━━ Extracted entries

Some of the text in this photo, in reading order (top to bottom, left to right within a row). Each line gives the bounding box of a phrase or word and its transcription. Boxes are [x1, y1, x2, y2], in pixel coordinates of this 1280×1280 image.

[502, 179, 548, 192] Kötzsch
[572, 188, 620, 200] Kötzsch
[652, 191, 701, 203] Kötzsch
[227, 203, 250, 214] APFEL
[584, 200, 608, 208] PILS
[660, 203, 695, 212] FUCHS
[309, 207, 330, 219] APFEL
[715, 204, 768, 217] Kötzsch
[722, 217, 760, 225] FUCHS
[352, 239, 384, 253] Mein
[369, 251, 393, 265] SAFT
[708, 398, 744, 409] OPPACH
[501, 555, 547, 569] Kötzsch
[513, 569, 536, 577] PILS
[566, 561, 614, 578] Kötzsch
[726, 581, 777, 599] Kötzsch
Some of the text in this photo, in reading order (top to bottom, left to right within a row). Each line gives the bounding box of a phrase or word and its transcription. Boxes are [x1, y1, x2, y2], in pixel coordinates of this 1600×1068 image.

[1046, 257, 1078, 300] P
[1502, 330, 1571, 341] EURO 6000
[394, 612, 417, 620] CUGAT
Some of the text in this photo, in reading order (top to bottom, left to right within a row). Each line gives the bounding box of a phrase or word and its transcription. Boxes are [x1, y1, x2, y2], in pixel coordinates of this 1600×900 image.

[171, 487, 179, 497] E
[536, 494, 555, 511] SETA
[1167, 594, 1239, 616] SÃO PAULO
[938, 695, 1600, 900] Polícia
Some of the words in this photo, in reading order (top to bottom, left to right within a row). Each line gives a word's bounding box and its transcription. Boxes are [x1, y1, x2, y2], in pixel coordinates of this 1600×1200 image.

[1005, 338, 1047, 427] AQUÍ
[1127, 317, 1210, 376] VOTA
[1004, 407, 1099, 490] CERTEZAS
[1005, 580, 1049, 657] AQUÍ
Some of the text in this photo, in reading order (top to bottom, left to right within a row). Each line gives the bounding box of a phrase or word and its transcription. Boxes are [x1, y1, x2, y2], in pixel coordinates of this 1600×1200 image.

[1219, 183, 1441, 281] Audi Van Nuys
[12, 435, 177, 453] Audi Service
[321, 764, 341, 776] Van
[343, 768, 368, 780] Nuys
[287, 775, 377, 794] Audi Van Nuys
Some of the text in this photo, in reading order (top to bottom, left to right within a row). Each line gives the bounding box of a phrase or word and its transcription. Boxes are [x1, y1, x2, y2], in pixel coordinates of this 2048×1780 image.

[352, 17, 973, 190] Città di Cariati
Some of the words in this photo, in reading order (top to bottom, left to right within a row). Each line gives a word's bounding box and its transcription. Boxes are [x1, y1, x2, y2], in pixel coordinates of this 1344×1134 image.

━━━━

» **Problem to solve**
Output all of the data again. Match it exactly.

» **The answer**
Some of the text in this photo, in reading order (top to bottom, left to right within a row). Each line gives the bounding box of a phrase or word and its transcription. Boxes are [x1, y1, x2, y2], in pixel coordinates of this 1280×1280 image.

[502, 179, 548, 192] Kötzsch
[572, 188, 620, 200] Kötzsch
[652, 191, 701, 203] Kötzsch
[227, 203, 250, 214] APFEL
[584, 200, 608, 208] PILS
[660, 203, 695, 212] FUCHS
[309, 207, 330, 219] APFEL
[715, 204, 768, 217] Kötzsch
[722, 217, 760, 225] FUCHS
[352, 239, 384, 253] Mein
[369, 251, 393, 265] SAFT
[708, 398, 744, 409] OPPACH
[501, 555, 547, 569] Kötzsch
[513, 569, 536, 577] PILS
[566, 561, 614, 578] Kötzsch
[726, 581, 777, 599] Kötzsch
Some of the text in this photo, in reading order (top to bottom, left to right within a row). Each line gives the bounding box of a phrase or word and its transcription. Boxes are [x1, y1, x2, y2], in pixel coordinates of this 1600×1068 image.

[1046, 257, 1078, 300] P
[1502, 330, 1571, 341] EURO 6000
[394, 612, 417, 620] CUGAT
Some of the text in this photo, in reading order (top to bottom, left to right within a row). Each line gives the bounding box of a phrase or word and its transcription. Boxes are [x1, y1, x2, y2], in pixel coordinates of this 1600×900 image.

[171, 487, 179, 497] E
[536, 494, 555, 511] SETA
[1167, 594, 1239, 616] SÃO PAULO
[938, 695, 1600, 900] Polícia
Some of the words in this photo, in reading order (top to bottom, left to right within a row). Each line gives a word's bounding box and its transcription. Boxes are [x1, y1, x2, y2], in pixel coordinates of this 1600×1200 image.

[1005, 338, 1047, 427] AQUÍ
[1127, 317, 1210, 376] VOTA
[1004, 407, 1099, 490] CERTEZAS
[1005, 580, 1049, 657] AQUÍ
Some of the text in this photo, in reading order (top to bottom, left to right within a row). Each line gives the bounding box of a phrase or word and its transcription. Boxes are [x1, y1, x2, y2], in pixel coordinates of this 1600×1200 image.

[1219, 183, 1441, 281] Audi Van Nuys
[12, 435, 177, 453] Audi Service
[321, 764, 341, 776] Van
[343, 768, 368, 780] Nuys
[287, 775, 377, 794] Audi Van Nuys
Some of the text in this photo, in reading order (top to bottom, left to right within a row). Each line gives the bounding box of a phrase or word and its transcription. Boxes are [x1, y1, x2, y2], in pixel coordinates of this 2048×1780 image.

[352, 17, 973, 190] Città di Cariati
Some of the words in this photo, in reading order (top to bottom, left to right within a row). Each line gives a word's bounding box and its transcription. Boxes are [x1, y1, x2, y2], in pixel coordinates of this 1344×1134 image.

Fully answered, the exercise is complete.